The transcriptional regulation of SOX2 on FOXA1 gene and its application in diagnosis of human breast and lung cancers.

Abstract

Recent study demonstrated the important contribution of SOX2 to tumorigenesis and metastasis properties of various types of cancers and strongly supported the concept that SOX2 can be used as an effective marker for diagnosis and predicting prognosis of cancer patients. However, our previous RNA-Seq results from human lung cancer cell line A549 showed that some oncogenes, including FOXA1 are negatively regulated by SOX2. To further verify the transcriptional regulation effect of SOX2 on FOXA1 and elucidate its application in the diagnosis of human lung and breast cancer, we performed real-time RT-PCR and Western blotting to test the regulation effect of SOX2 on the expression of FOXA1 gene. OncoPrint analysis was used to reveal the alteration of SOX2 and FOXA1 genes in breast invasive carcinoma cases and lung squamous cell carcinoma cases from the Cancer Genome Atlas (TCGA) data portal. Immunohistochemistry staining was performed to test the expression of SOX2 and FOXA1 in human breast and lung carcinoma. The results showed that there is an inhibitory effect of SOX2 on the expression of FOXA1 gene.

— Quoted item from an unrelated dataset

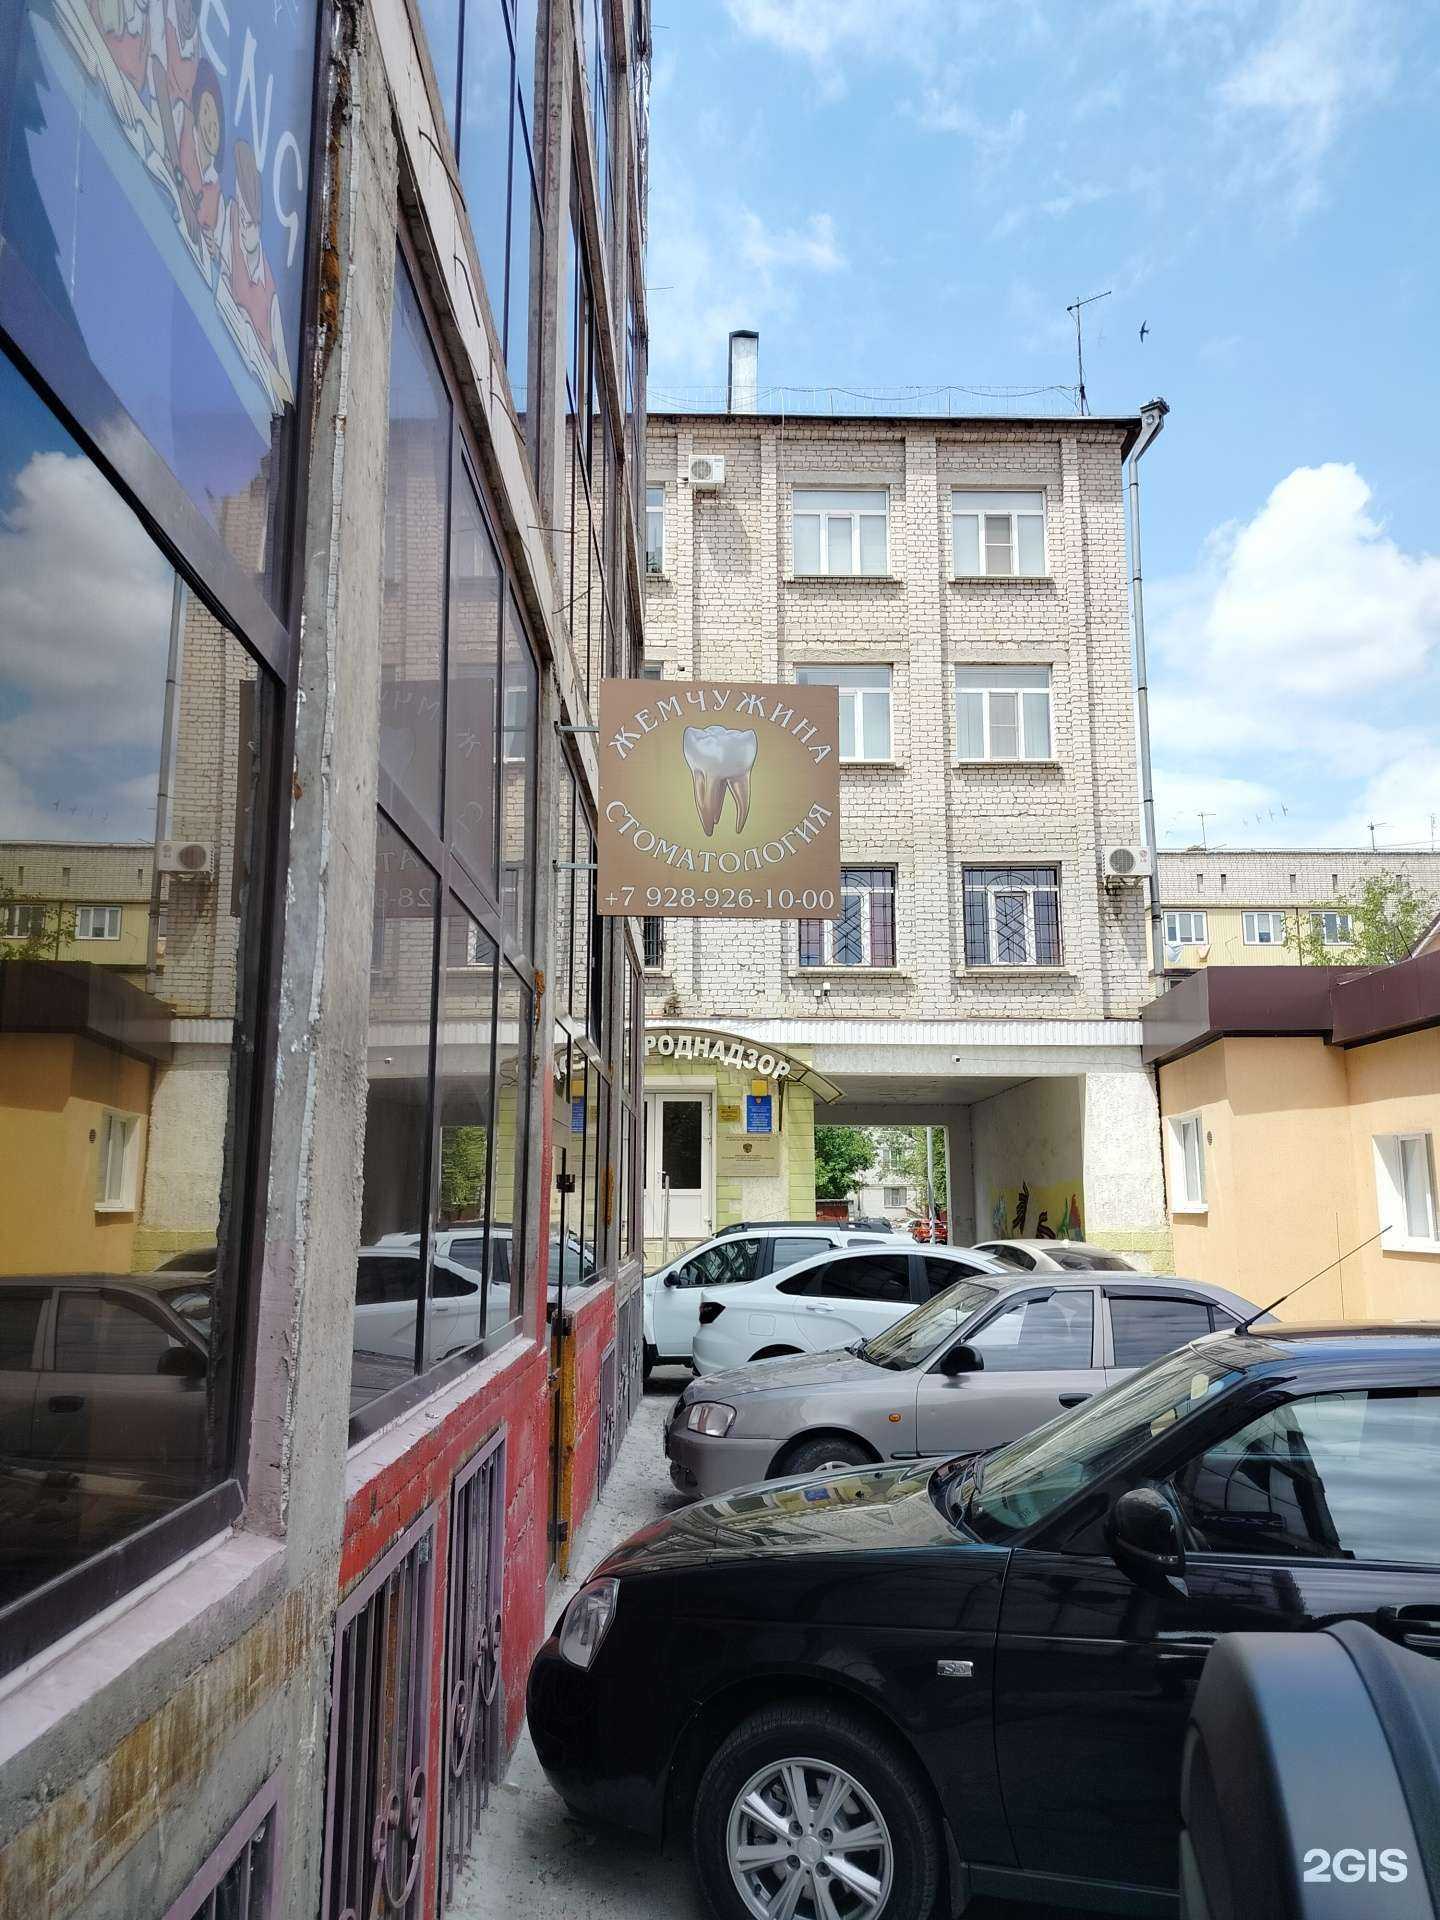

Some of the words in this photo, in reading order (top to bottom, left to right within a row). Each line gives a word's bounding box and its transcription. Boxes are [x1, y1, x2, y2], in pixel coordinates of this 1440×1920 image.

[609, 689, 832, 764] ЖЕМЧУЖИНА
[605, 800, 833, 873] СТОМАТОЛОГИЯ
[604, 886, 635, 907] +7
[646, 887, 835, 910] 928-926-10-00

In addition, these two genes are altered in 5.8% of 484 breast invasive carcinoma cases and 46.4% of 179 lung squamous cell carcinoma cases from the Cancer Genome Atlas (TCGA) data portal, which showed an increased percentage of carcinoma cases when compared with single gene alteration. Immunohistochemistry staining of SOX2 and FOXA1 in human breast and lung carcinoma further revealed the mutual complementary effect of these two proteins in the diagnosis of carcinoma. Our study revealed SOX2 as a negative upstream regulator for FOXA1 gene and demonstrated SOX2 and FOXA1 as effective dual markers in improving the diagnosis efficiency for human lung and breast tumor.